For immediate release | October 14, 2019

Over 100,000 readers nationwide join #eBooksForAll campaign against planned embargo

Thousands more adding their names to petition daily

CHICAGO – In just one month, the American Library Association’s (ALA) #eBooksForAll campaign has garnered more than 100,000 signatures from readers, authors, library staff and patrons from all 50 states to condemn Macmillan Publishers’ plan to restrict library access to eBooks.

Beginning Nov. 1, 2019, the publisher will limit libraries to purchasing only one copy of each new eBook title for the first eight weeks after its release. Additional copies will then be available for two years of access at a price quadruple consumer prices.

"The groundswell of support we've seen for our #eBooksForAll campaign underscores the vast number of readers that will be impacted by Macmillan Publishers’ planned embargo on eBook sales to libraries," said ALA President Wanda Brown. "It's clear that readers across the nation are concerned about a reduction in library access to eBooks. Together we will continue to voice our opposition and seek a resolution that does not involve arbitrary restrictions on library purchases."

An average of 3,000 people each day are signing the online petition at eBooksForAll.org, urging Macmillan Publishers CEO John Sargent to reverse the planned embargo on eBooks sold to libraries. Launched on Sept. 11, 2019, the petition currently holds the most signatures from Ohio, Oregon, Tennessee, Florida and New York residents.

“Access to digital content is essential for our public libraries, and Macmillan’s new eBook terms will make it difficult to fulfill our mission of ensuring timely access to digital content for all,” said Ramiro S. Salazar, president of the Public Library Association (PLA), a division of ALA, and director of the San Antonio Public Library. "The San Antonio Public Library recently topped 7 million downloads, and that number is growing exponentially by the day. We stand firmly with libraries and their patrons, readers, authors, and students across the country who refuse to see eBooks access denied or delayed."

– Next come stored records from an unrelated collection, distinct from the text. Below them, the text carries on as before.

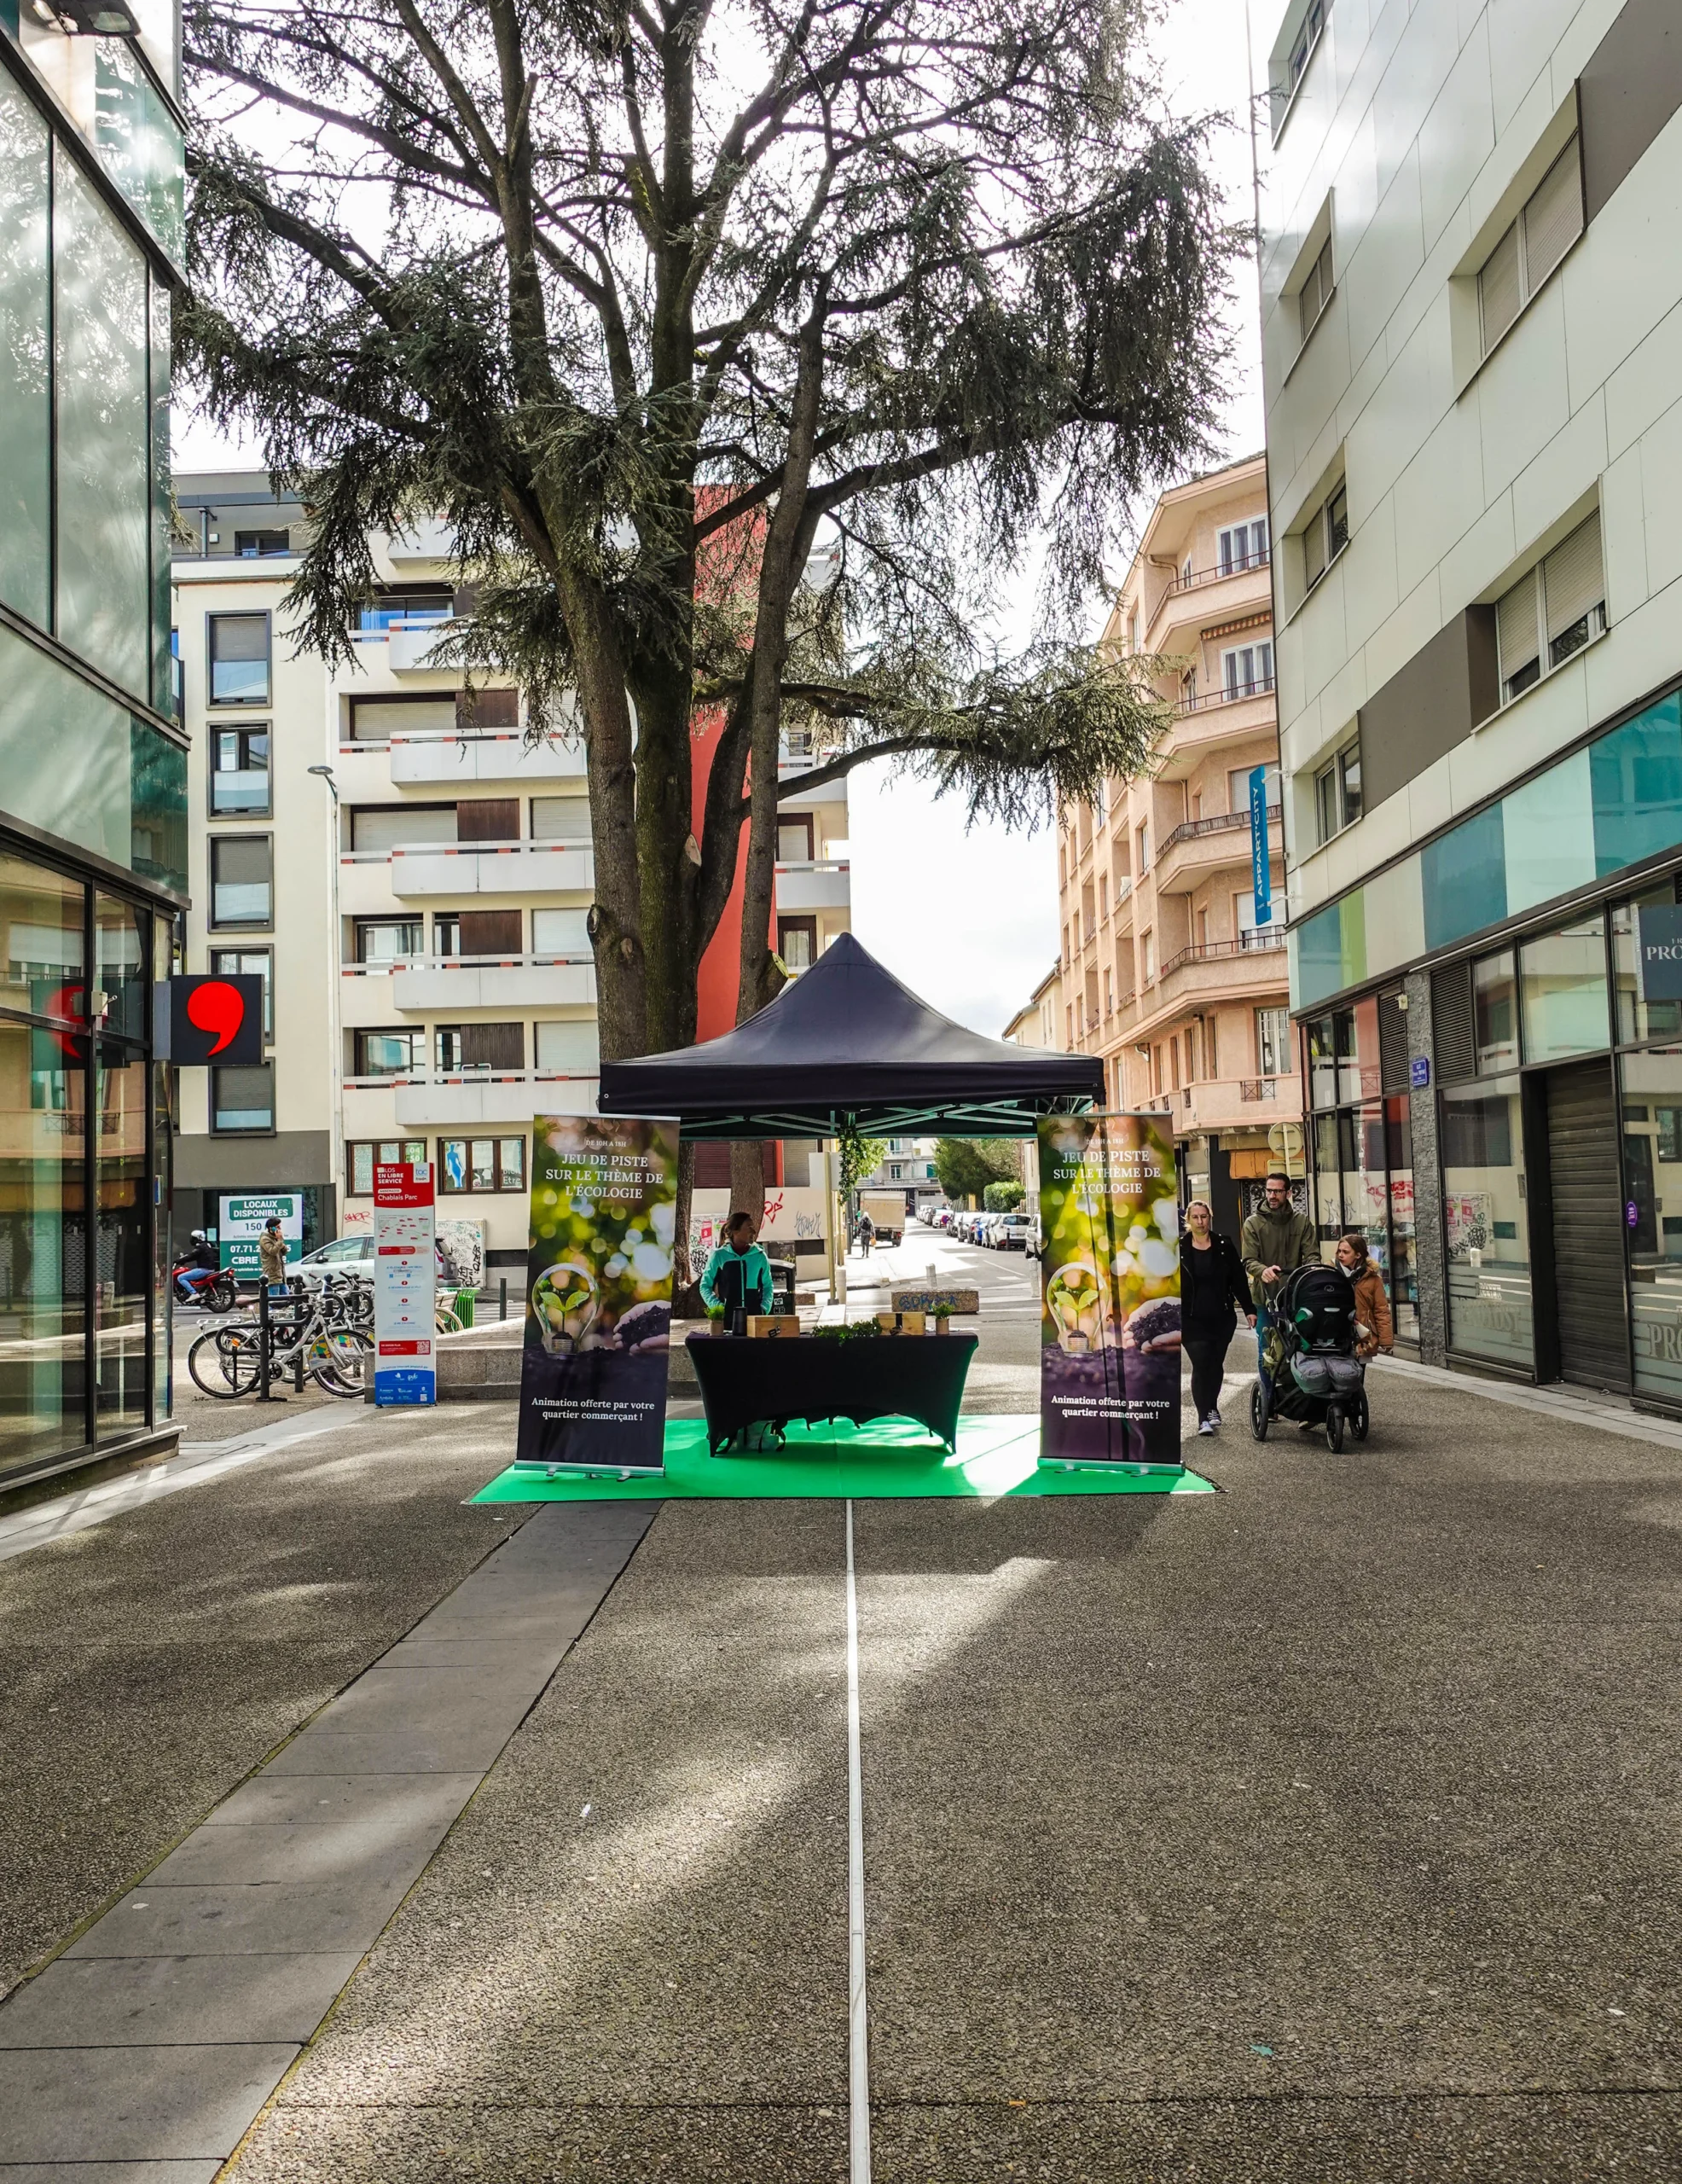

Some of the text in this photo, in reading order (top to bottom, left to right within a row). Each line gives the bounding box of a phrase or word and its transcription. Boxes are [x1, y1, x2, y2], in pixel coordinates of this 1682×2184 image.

[1252, 787, 1263, 897] APPART'CITY
[561, 1153, 648, 1167] JEU DE PISTE
[1063, 1150, 1150, 1164] JEU DE PISTE
[545, 1169, 664, 1184] SUR LE THÈME DE
[1053, 1165, 1161, 1179] SUR LE THÈME DE
[502, 1176, 521, 1184] Etre
[566, 1182, 643, 1199] L'ÉCOLOGIE
[1072, 1181, 1143, 1194] L'ÉCOLOGIE
[243, 1199, 278, 1209] LOCAUX
[233, 1208, 288, 1218] DISPONIBLES
[245, 1223, 262, 1231] 150
[231, 1256, 258, 1264] CBRE
[531, 1397, 655, 1410] Animation offerte par votre
[1051, 1395, 1169, 1409] Animation offerte par votre
[542, 1409, 643, 1422] quartier commerçant !
[1062, 1408, 1099, 1418] quartier
[1099, 1410, 1154, 1420] commerçant

As the Frankfurt Book Fair gets underway this week, the ALA is taking the campaign to Europe and to Macmillan Publishers’ parent company, Holtzbrinck Publishing Group, encouraging readers worldwide to share their displeasure and concerns about the eBook embargo.

The embargo is the latest evidence of a troubling trend in the publishing industry to eliminate perpetual library access. Unlike print books, publishers do not sell eBooks to libraries, but offer limited licenses at prices four to five times that of consumer purchases. While Macmillan is the sole major publisher restricting access to its new eBooks, ALA is actively developing strategies to address the trend overall and ensure that libraries can provide comprehensive access to content and information, without arbitrary limitations and at fair prices.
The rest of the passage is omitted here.